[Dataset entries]

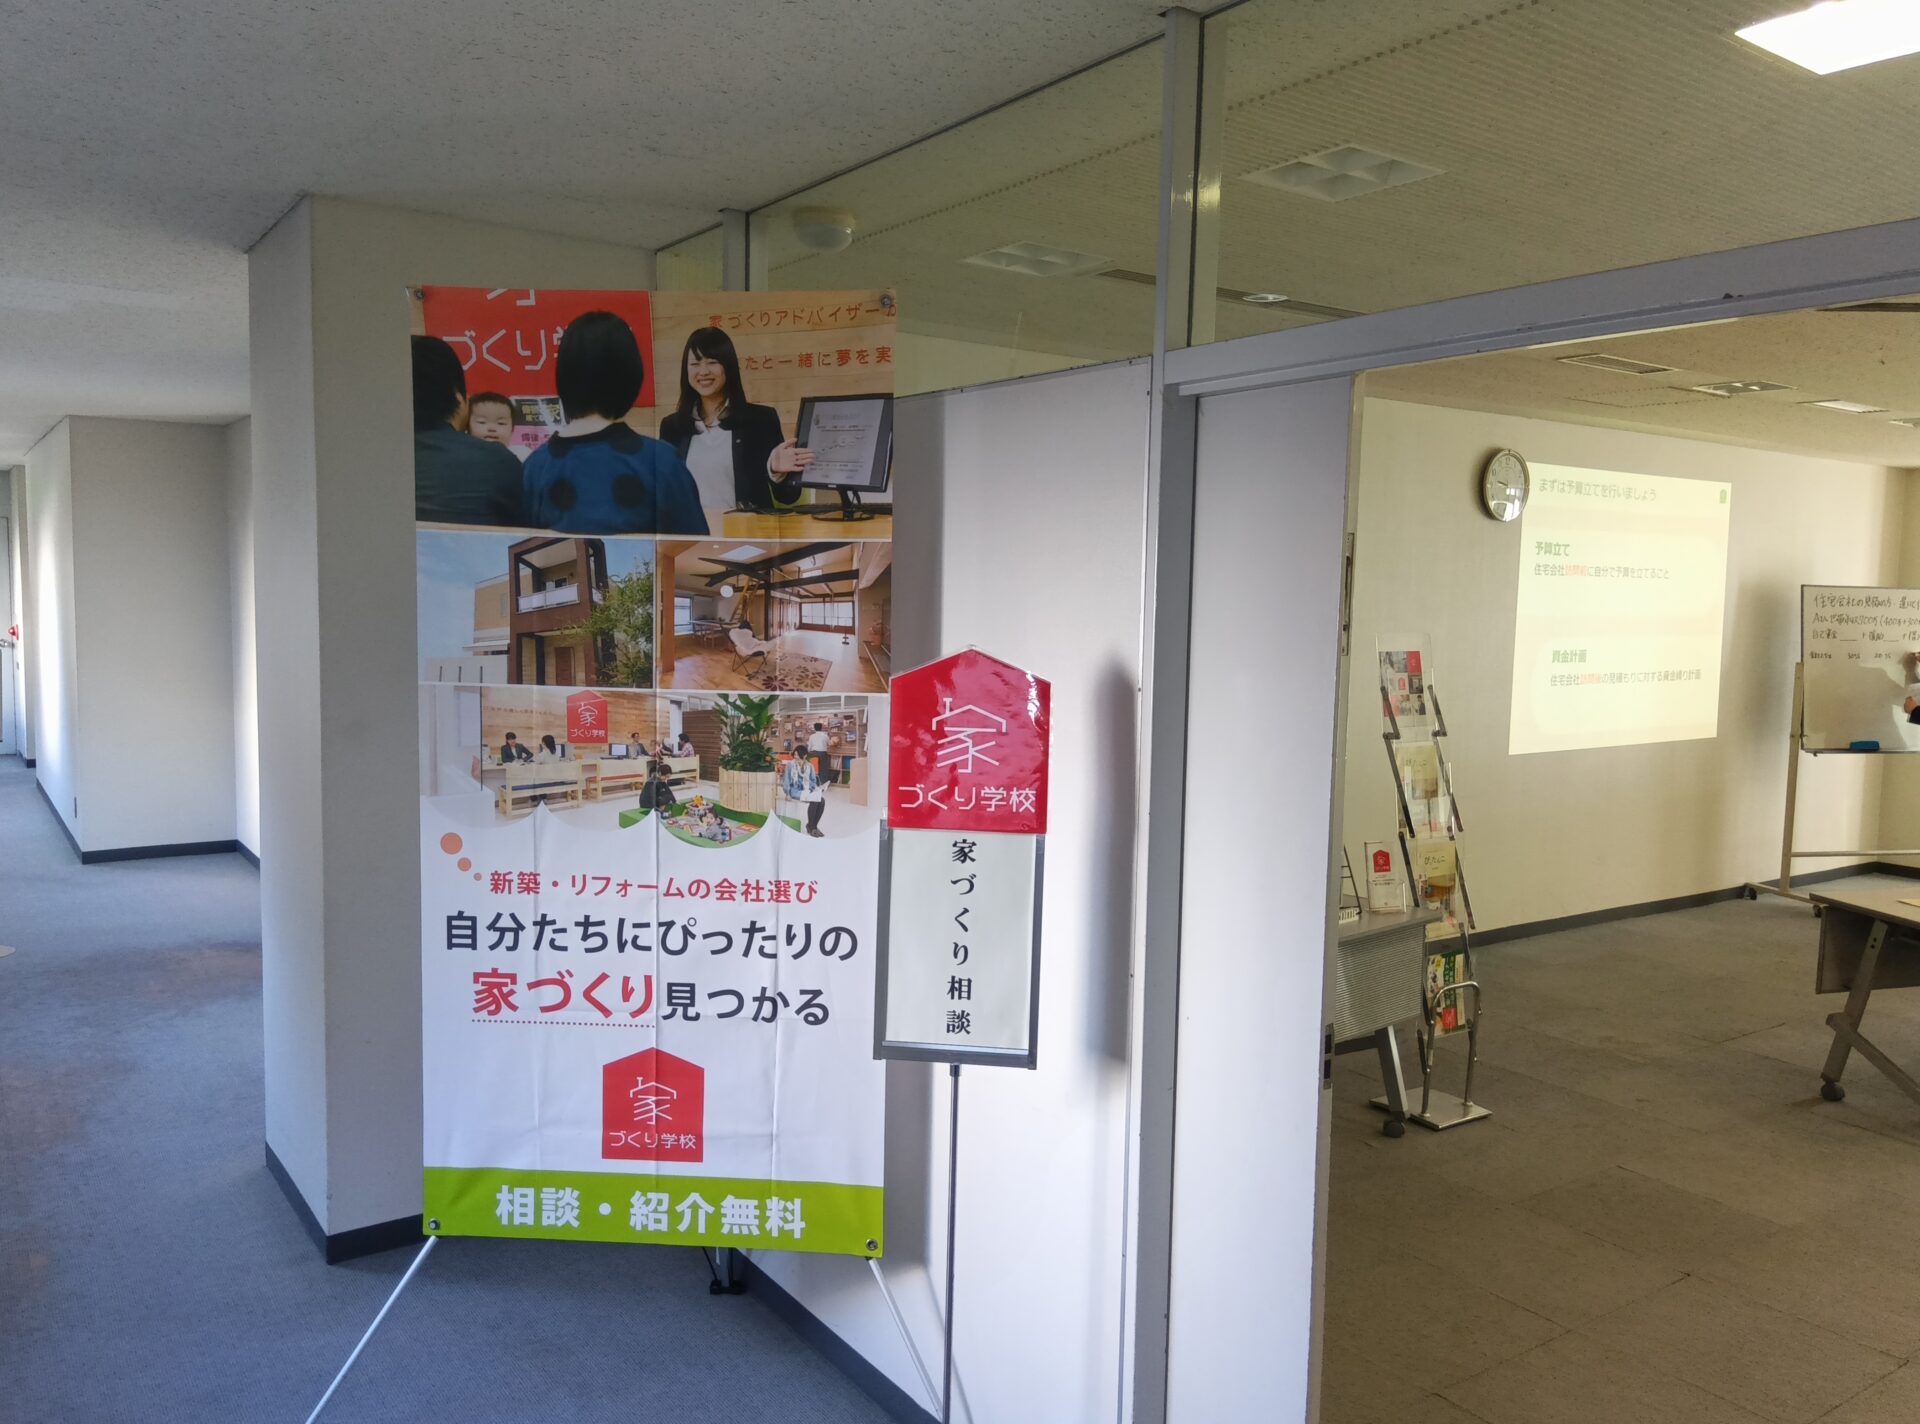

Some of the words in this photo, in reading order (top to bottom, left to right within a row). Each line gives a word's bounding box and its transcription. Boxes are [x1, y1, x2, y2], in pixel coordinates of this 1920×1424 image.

[442, 326, 568, 373] づくり
[1535, 541, 1570, 557] 予算立て
[570, 728, 606, 738] づくり学校
[578, 702, 598, 727] 家
[931, 697, 1007, 773] 家
[898, 784, 1038, 813] づくり学校
[489, 870, 818, 903] 新築・リフォームの会社選び
[445, 910, 859, 962] 自分たちにぴったりの
[945, 838, 977, 1036] 家づくり相談
[471, 967, 830, 1026] 家づくり見つかる
[629, 1076, 677, 1125] 家
[608, 1130, 698, 1151] づくり学校
[495, 1184, 807, 1239] 相談・紹介無料

GOAL OF THE EXERCISE.
Every line above is to be duplicated exactly; no picture should be carried over.

COMPLETED EXERCISE.
Some of the words in this photo, in reading order (top to bottom, left to right within a row). Each line gives a word's bounding box and its transcription. Boxes are [x1, y1, x2, y2], in pixel coordinates of this 1920×1424 image.

[442, 326, 568, 373] づくり
[1535, 541, 1570, 557] 予算立て
[570, 728, 606, 738] づくり学校
[578, 702, 598, 727] 家
[931, 697, 1007, 773] 家
[898, 784, 1038, 813] づくり学校
[489, 870, 818, 903] 新築・リフォームの会社選び
[445, 910, 859, 962] 自分たちにぴったりの
[945, 838, 977, 1036] 家づくり相談
[471, 967, 830, 1026] 家づくり見つかる
[629, 1076, 677, 1125] 家
[608, 1130, 698, 1151] づくり学校
[495, 1184, 807, 1239] 相談・紹介無料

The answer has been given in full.